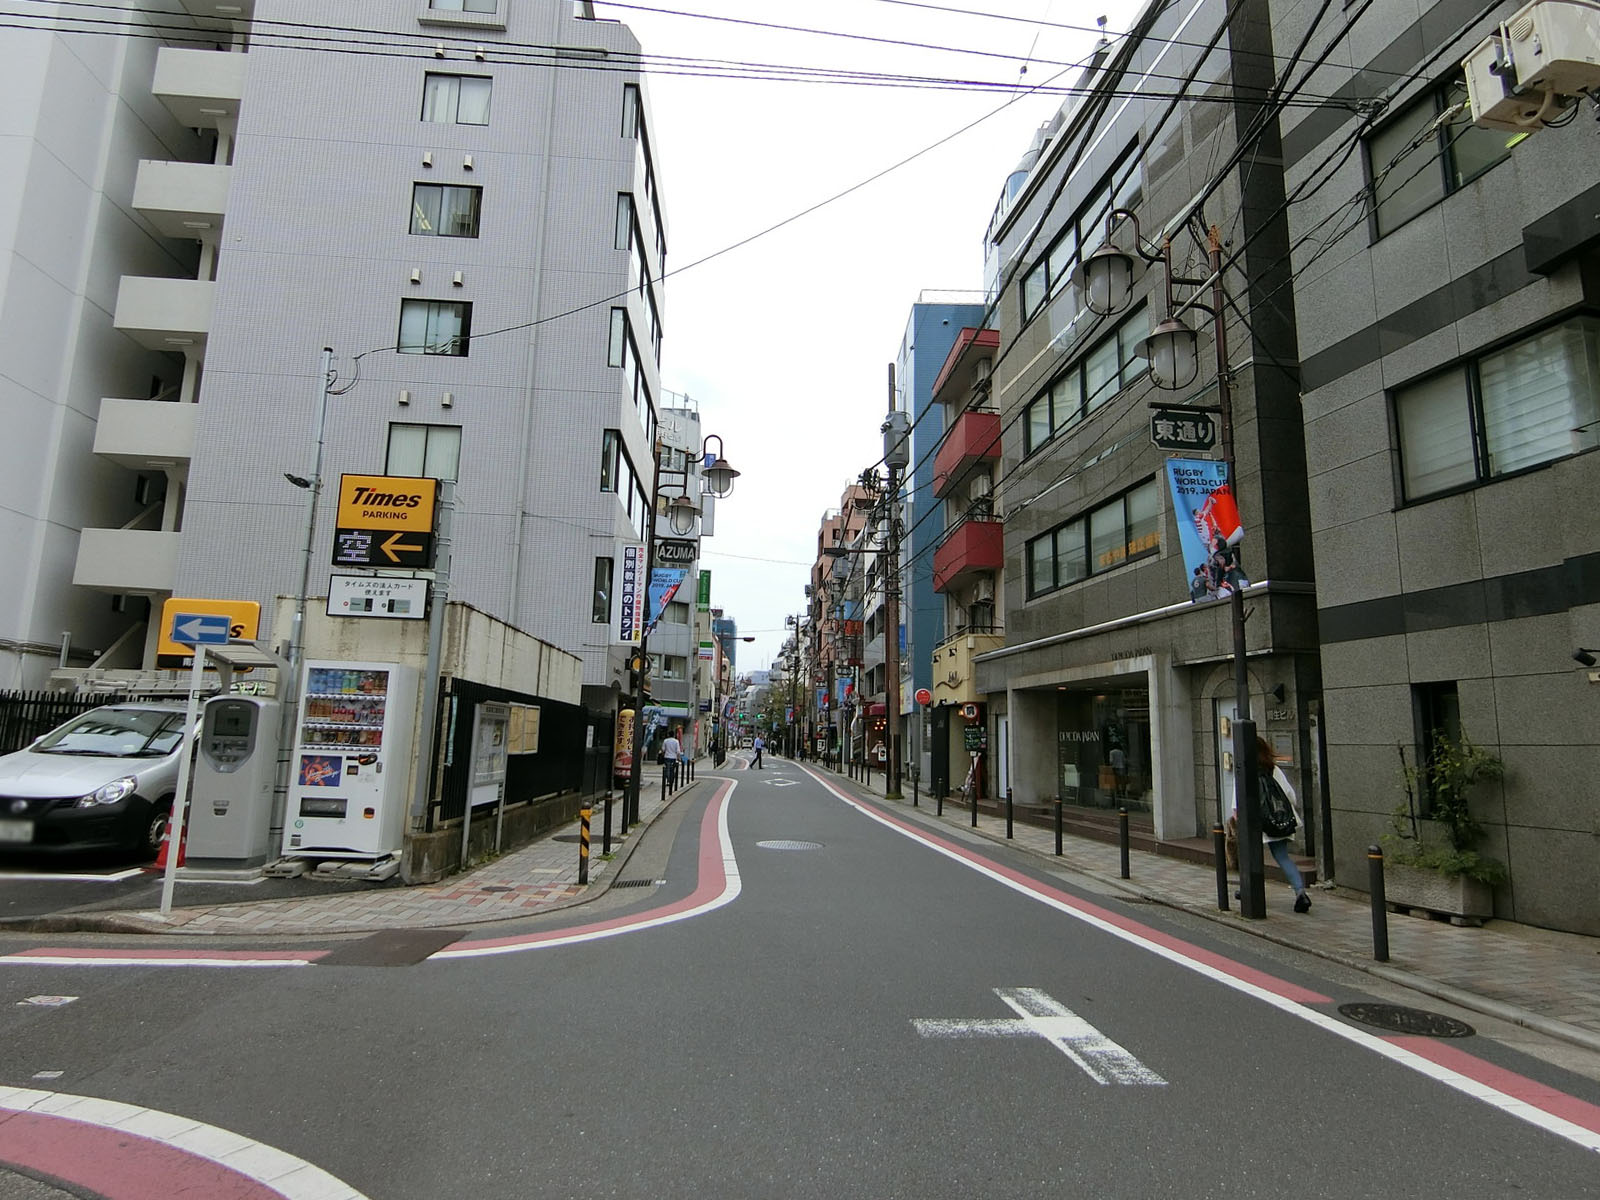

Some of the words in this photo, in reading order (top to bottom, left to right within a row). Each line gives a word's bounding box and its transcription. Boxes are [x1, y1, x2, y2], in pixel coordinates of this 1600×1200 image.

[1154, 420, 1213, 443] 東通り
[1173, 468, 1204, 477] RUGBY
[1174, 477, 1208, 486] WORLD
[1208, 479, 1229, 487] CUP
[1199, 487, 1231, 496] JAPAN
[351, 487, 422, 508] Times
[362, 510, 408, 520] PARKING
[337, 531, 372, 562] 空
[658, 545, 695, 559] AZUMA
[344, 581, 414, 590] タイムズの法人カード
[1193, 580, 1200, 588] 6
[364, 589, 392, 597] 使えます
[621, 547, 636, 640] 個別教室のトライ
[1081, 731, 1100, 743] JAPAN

[Required work]:
Reprint the listing above exactly, without images.

[Expected output]:
Some of the words in this photo, in reading order (top to bottom, left to right within a row). Each line gives a word's bounding box and its transcription. Boxes are [x1, y1, x2, y2], in pixel coordinates of this 1600×1200 image.

[1154, 420, 1213, 443] 東通り
[1173, 468, 1204, 477] RUGBY
[1174, 477, 1208, 486] WORLD
[1208, 479, 1229, 487] CUP
[1199, 487, 1231, 496] JAPAN
[351, 487, 422, 508] Times
[362, 510, 408, 520] PARKING
[337, 531, 372, 562] 空
[658, 545, 695, 559] AZUMA
[344, 581, 414, 590] タイムズの法人カード
[1193, 580, 1200, 588] 6
[364, 589, 392, 597] 使えます
[621, 547, 636, 640] 個別教室のトライ
[1081, 731, 1100, 743] JAPAN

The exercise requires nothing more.